For most of the three miles or so from Wolsingham station, the river’s on one side and the Weardale Railway on the other. Last year they ran no summer trains at all; last Saturday they started a limited service between Stanhope and Wolsingham, with the hope of again getting down to Bishop Auckland.

It’s run by a new subsidiary company of the Heritage Trust – non-profit making, no paid staff – using what they modestly call a bubble car. The website talks of “Wild West robbery trains”, too, though £9 return seems pretty reasonable.

The walk’s other main attraction, of course, is that the incomparably excellent Black Bull at Frosterley marks the halfway point. Bikers of both the leather and the lycra sort were congregated – the other way of telling them apart, as Geoff Thomas might confirm, is that it’s the motorbike boys who wear the earrings.
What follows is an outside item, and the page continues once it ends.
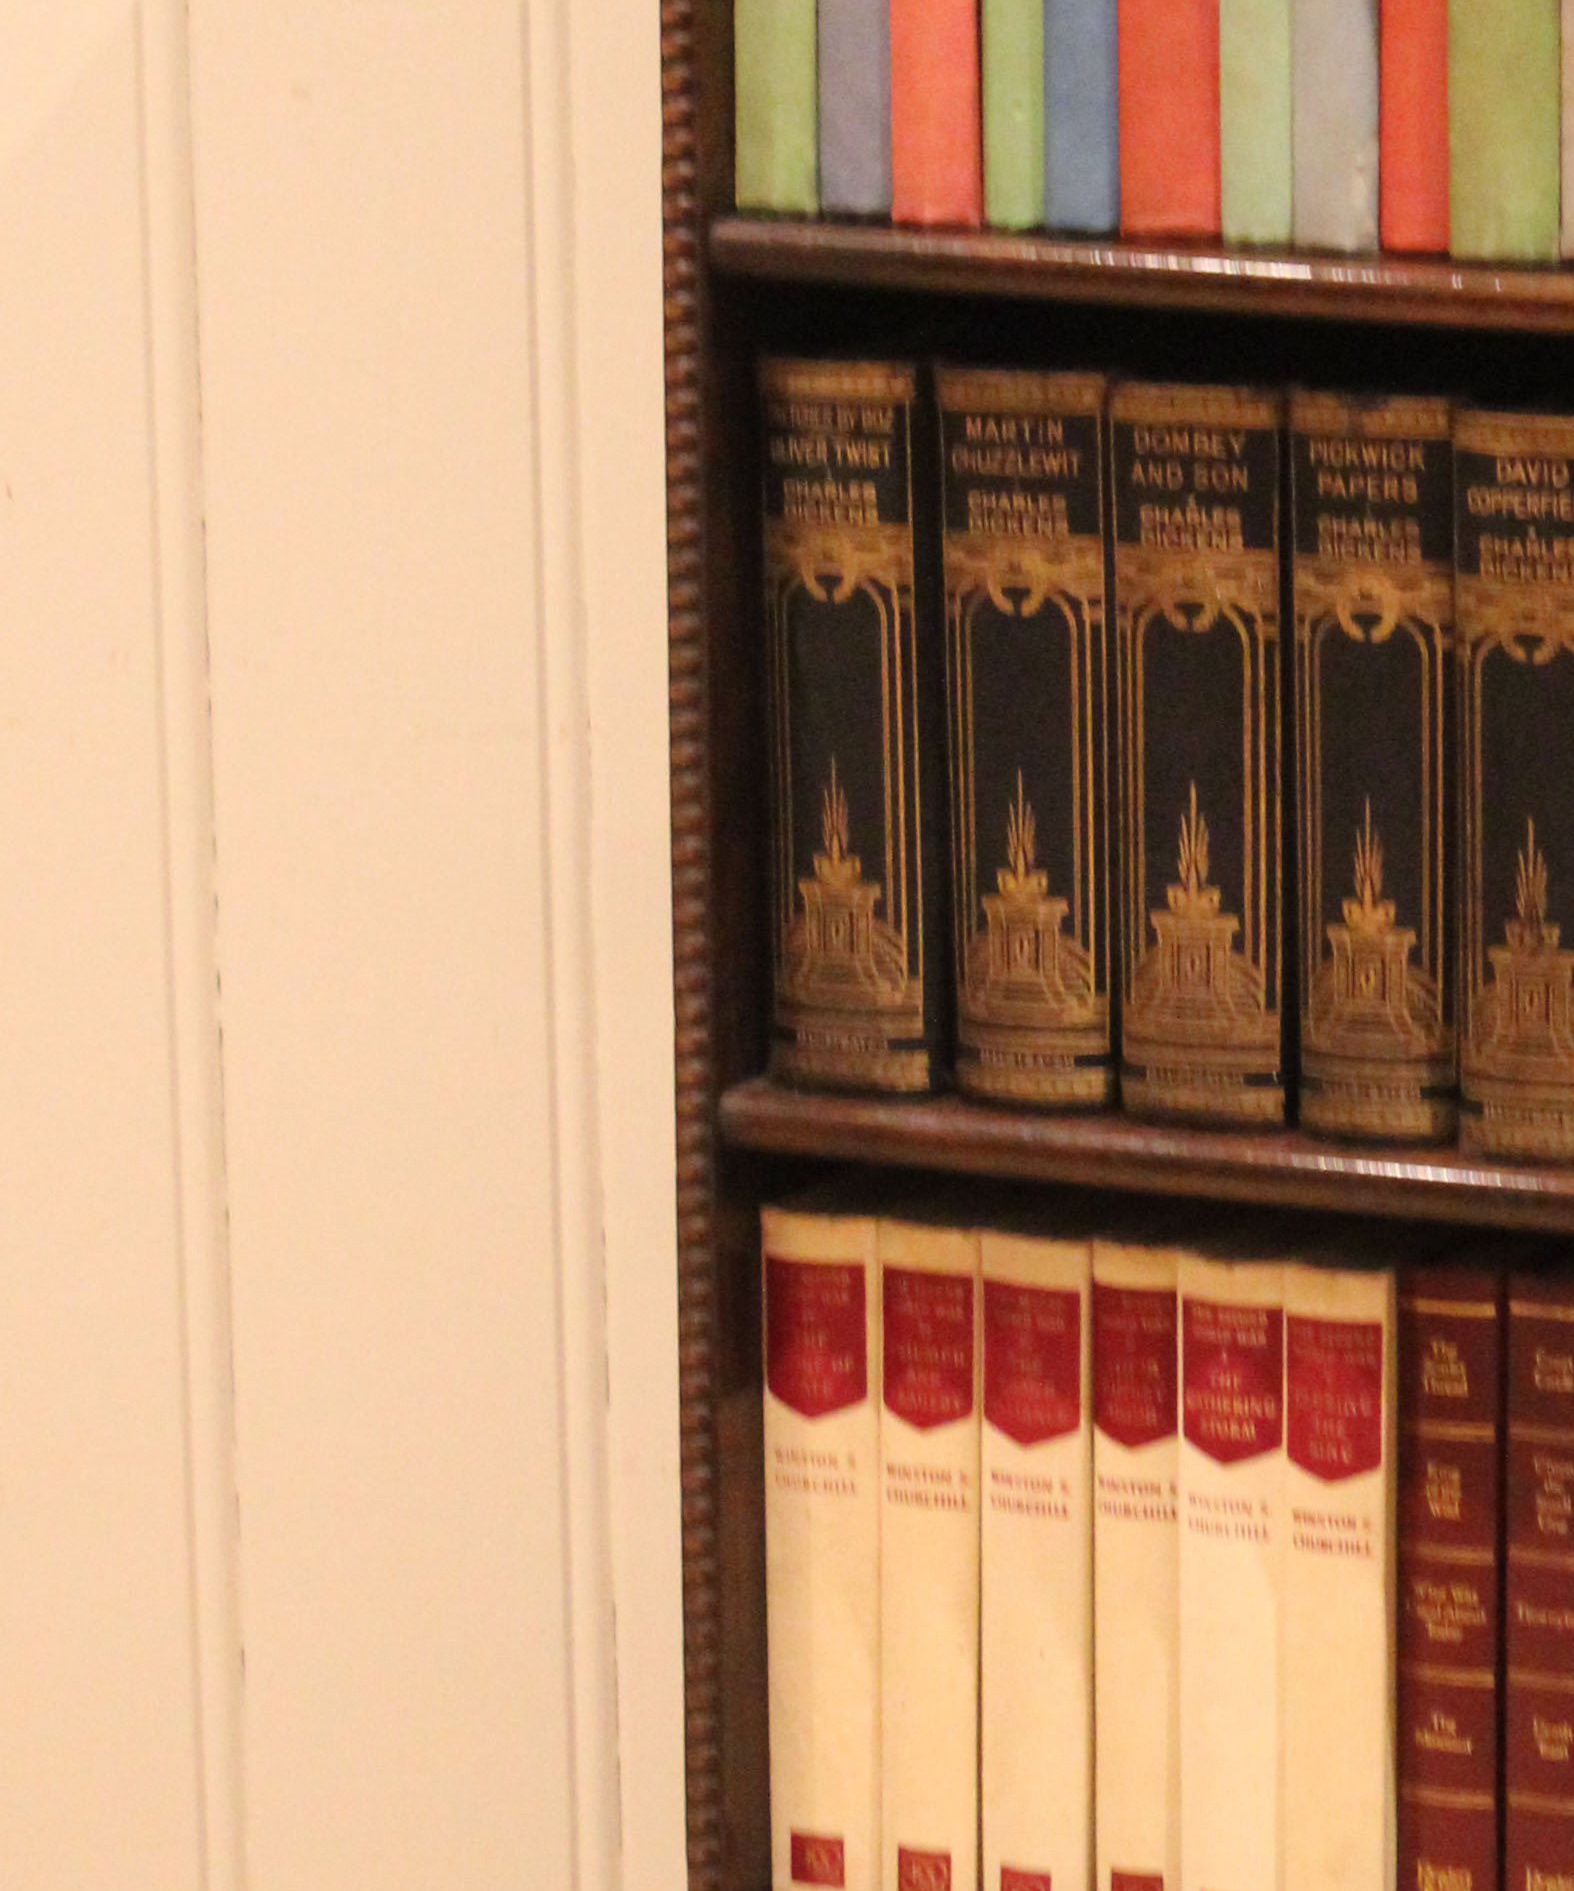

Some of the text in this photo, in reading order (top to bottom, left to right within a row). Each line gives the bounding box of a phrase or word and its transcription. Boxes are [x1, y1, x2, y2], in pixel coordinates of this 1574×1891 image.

NEAR Frosterley, above the south bank of the river, a small diversion has had to be created around a locked gate.

Offering a £250 reward, a notice explains that several padlocks in the area have been superglued. It’s to be hoped that the crass culprit may himself soon become unstuck.

Thus refreshed by Weardale’s wonders, the column contemplates something a little further afield. We return in a fortnight.